JTTFs are led by the Federal Bureau of Investigation, which is part of the U.S. Department of Justice.[1][3] The various investigators, analysts, and specialists who participate in JTTFs (including linguists and SWAT personnel) are drawn from more than 600 state and local agencies and 50 federal agencies (including both federal law enforcement and intelligence agencies).[1] The FBI's 2011 Domestic Investigations and Operations Guide, cited in a 2013 Congressional Research Service report, stated that more than 4,400 federal, state, and local law enforcement officers and agents work in JTTFs.[1]
The regional JTTFs coordinate their efforts through the interagency National Joint Terrorism Task Force (NJTTF), based at FBI Headquarters in Washington, D.C.[4] As of 2003, NJTTF was composed of representatives from 35 federal agencies[5] and fell under the Operational Support Branch of the FBI Counterterrorism Division.[6]
A 2013 report from the Brennan Center for Justice at the NYU School of Law noted that "JTTFs tend to focus on investigative work while fusion centers are geared towards information collection and analysis, but their missions are intimately related and often overlapping"; JTTFs and fusion centers are sometimes "co-located" in the same physical working space.[3]
Before U.S. Army psychiatrist Nidal Hasanmurdered 14 people in a mass shooting at Fort Hood, the JTTF in San Diego had acquired two messages from Hasen to radical Islamic ideologue Anwar al-Aulaqi. Concerned by the content of the messages, the San Diego JTTF contacted FBI Headquarters and the JTTF based in the FBI's Washington Field Office. The Washington Field Office did a limited assessment and concluded that Hasan was not "involved in terrorist activities." In the meantime, agents in San Diego acquired 14 additional emails and messages (12 from Hasan to al-Aulaqi and two from al-Aulaqi to Hasen), but San Diego did not forward these communications to the D.C. JTTF, and neither JTTF took any action.[18] Hasan committed the terrorist attack at Fort Hood several months later.[18][19] A commission led by William H. Webster investigated the FBI's counterterrorism intelligence in the lead-up to the Fort Hood shooting, and released its final report in 2012. The Webster Commission found that the assessment of Hasan conducted by the FBI and JTTFs was "belated, incomplete, and rushed, primarily because of their workload" and an "exponential growth in the amount of electronically stored information."[19][20] The report did, however, conclude that all the FBI and task force personnel "acted with good intent" and that their mistakes did not result "from intentional misconduct."[19]
Local participation and withdrawals
In 2005, Portland, Oregon became the first city in the nation to withdraw from a JTTF after the City Council voted 4–1 to leave.[21] The city rejoined the task force in 2015, with the City Council voting 3–2 to approve the assignment of two of its city's police officers to join the JTTF staff.[22][23] In 2019, Portland again voted to leave the JTTF by a 3–2 vote.[24][23]

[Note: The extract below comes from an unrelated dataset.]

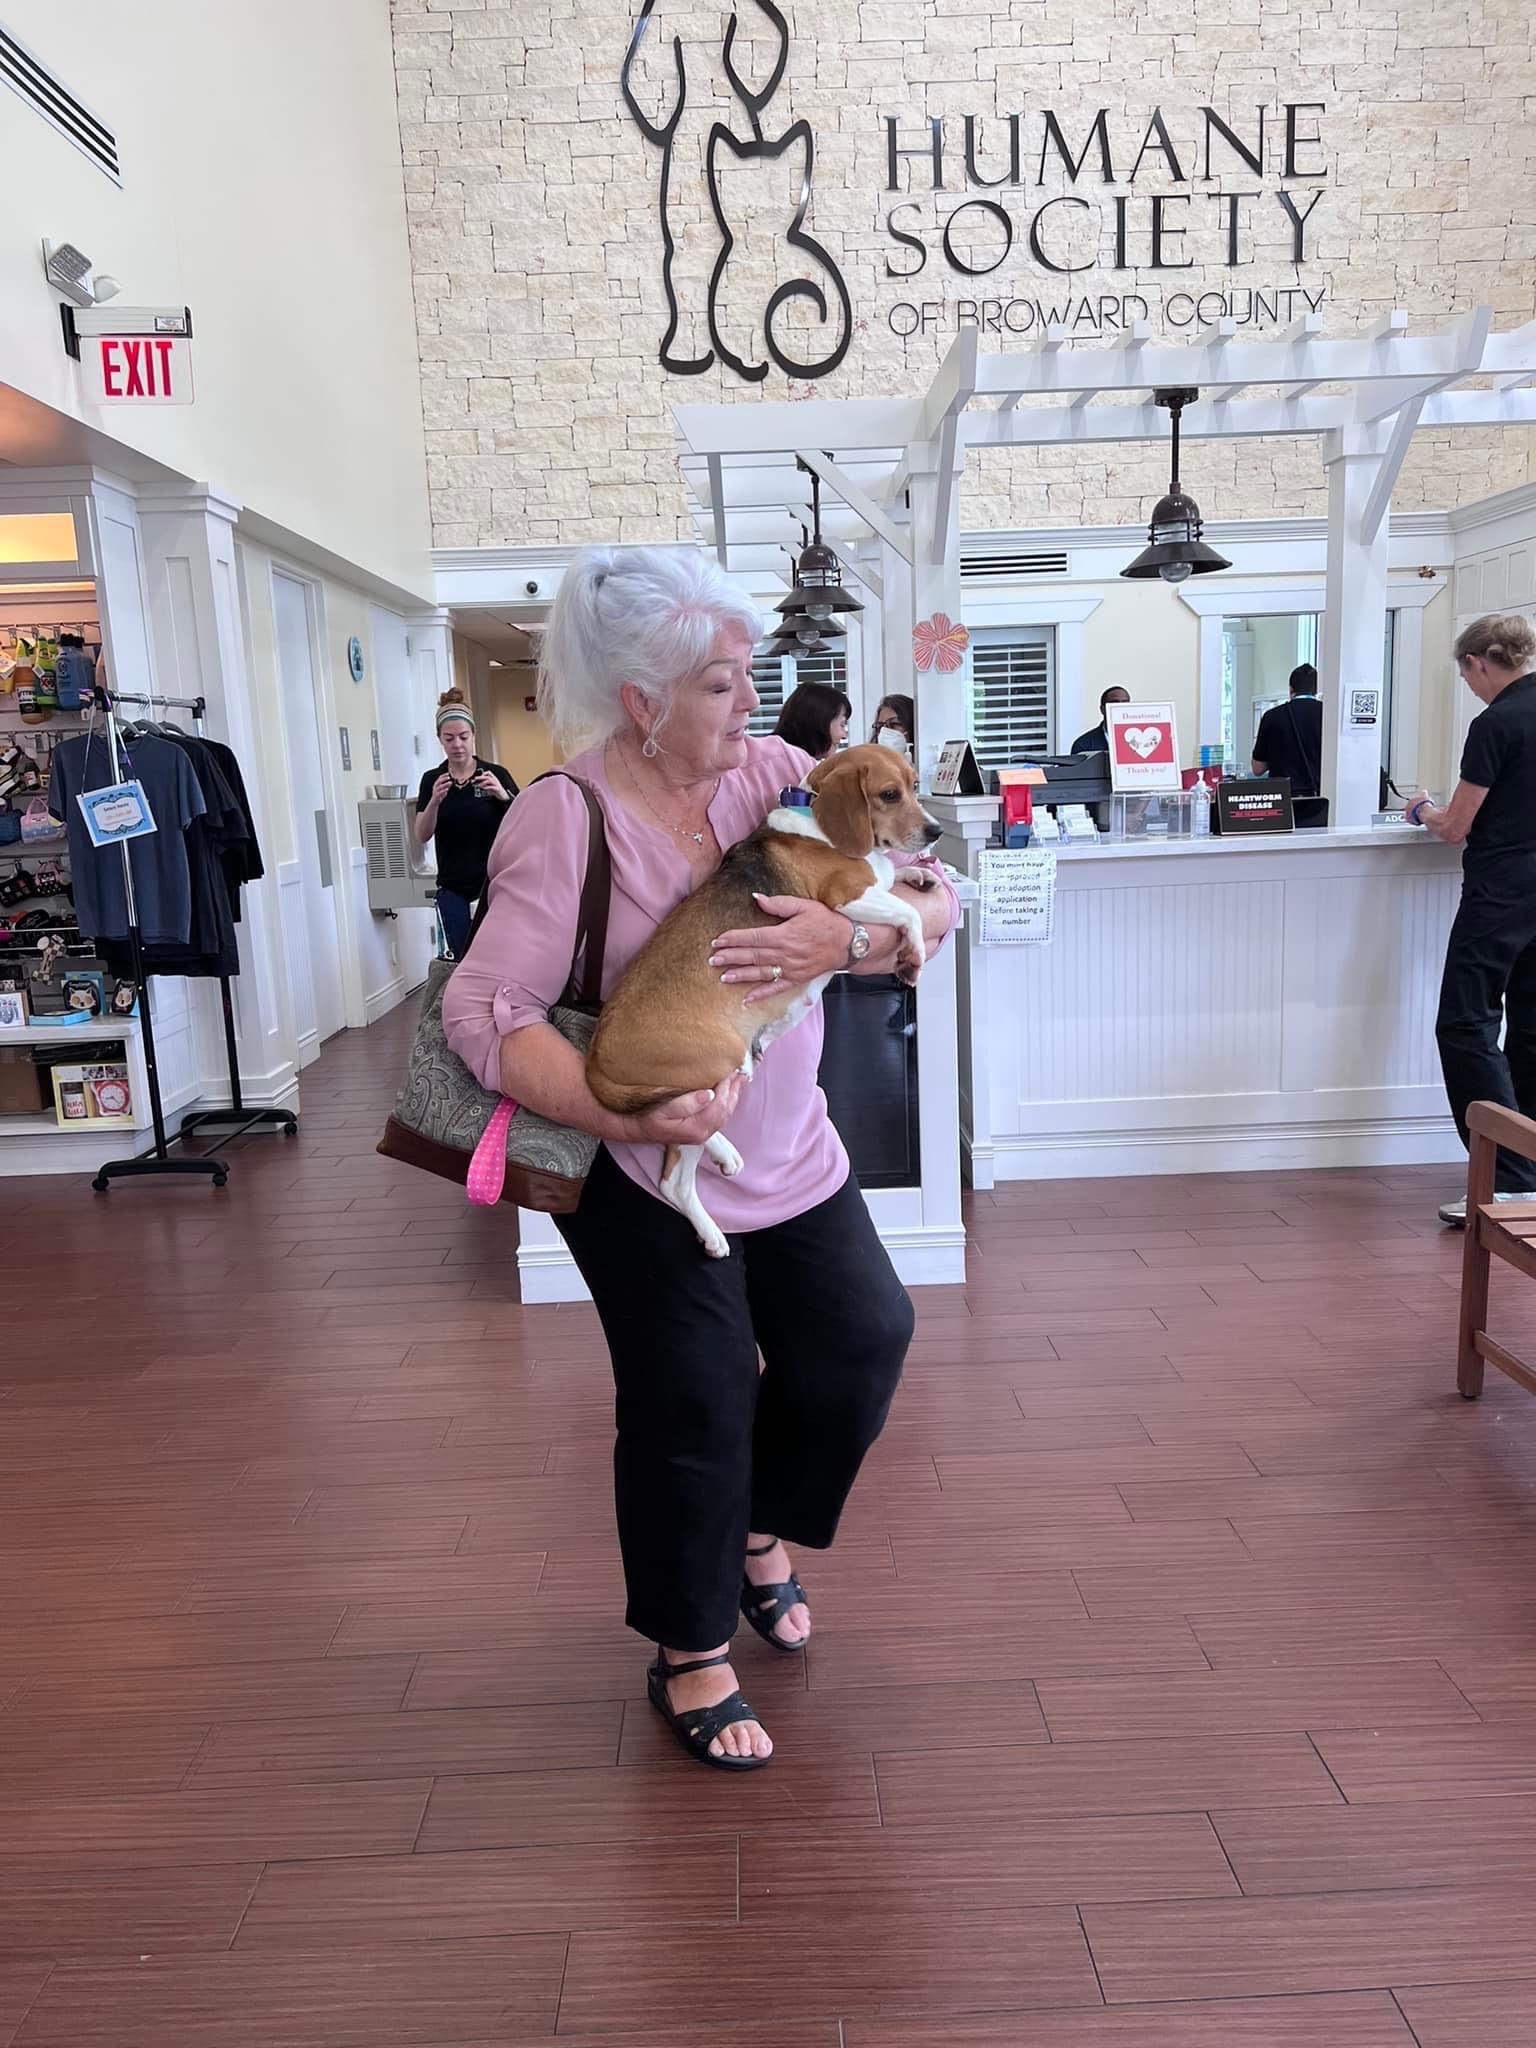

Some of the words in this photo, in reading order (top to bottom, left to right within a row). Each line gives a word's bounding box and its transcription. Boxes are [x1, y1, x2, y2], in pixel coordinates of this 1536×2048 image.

After joining in 2002, San Francisco, California withdrew its police officers from the JTTF in 2017.[23] It was later revealed in 2019 from an FBI white paper that San Francisco police officers and the FBI were not truthful about the JTTF's violations of local law and policy, and that the police involved with JTTF thought civil rights and free speech in San Francisco were a problem.[25]
Criticism
After the September 2001 terrorist attacks, the FBI began to establish or intensify working relationships with campus police departments; by January 2003, JTTFs included campus police officers from at least a dozen universities. This prompted some criticism from faculty and student organizations.[26]
After a detective with the Fresno County, California Sheriff's Department who was a member of the JTTF attended public meetings of Peace Fresno in 2003, the Sheriff's Department issued a statement saying that "For the purpose of detecting or preventing terrorist activities, the Fresno County Sheriff’s Department may visit any place and attend any event that is open to the public, on the same terms and conditions as members of the public generally."[30]

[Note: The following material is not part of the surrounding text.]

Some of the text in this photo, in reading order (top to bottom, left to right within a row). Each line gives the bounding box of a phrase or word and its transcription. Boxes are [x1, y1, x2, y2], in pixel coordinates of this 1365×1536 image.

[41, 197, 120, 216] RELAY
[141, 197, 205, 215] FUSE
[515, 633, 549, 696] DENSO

In 2010, the Justice Department Office of Inspector General (OIG) issued a report that criticized the FBI for investigating various domestic activist groups from 2001 to 2006, including PETA, the Thomas Merton Center, and the Catholic Worker. The OIG faulted the FBI for providing the OIG "with speculative, after-the-fact rationalizations for their prior decisions to open investigations that [OIG] did not find persuasive."[32][33]
A 2013 report from the Brennan Center for Justice at the NYU School of Law argued that, "The most significant oversight problem with assigning police officers to JTTFs is that there is no mechanism geared towards ensuring compliance with state and local laws. This problem is exacerbated by the fact that rules relating to how police officers should act in the event of a conflict between their federal and state/local obligations are sometimes unknown and almost always unclear."[3]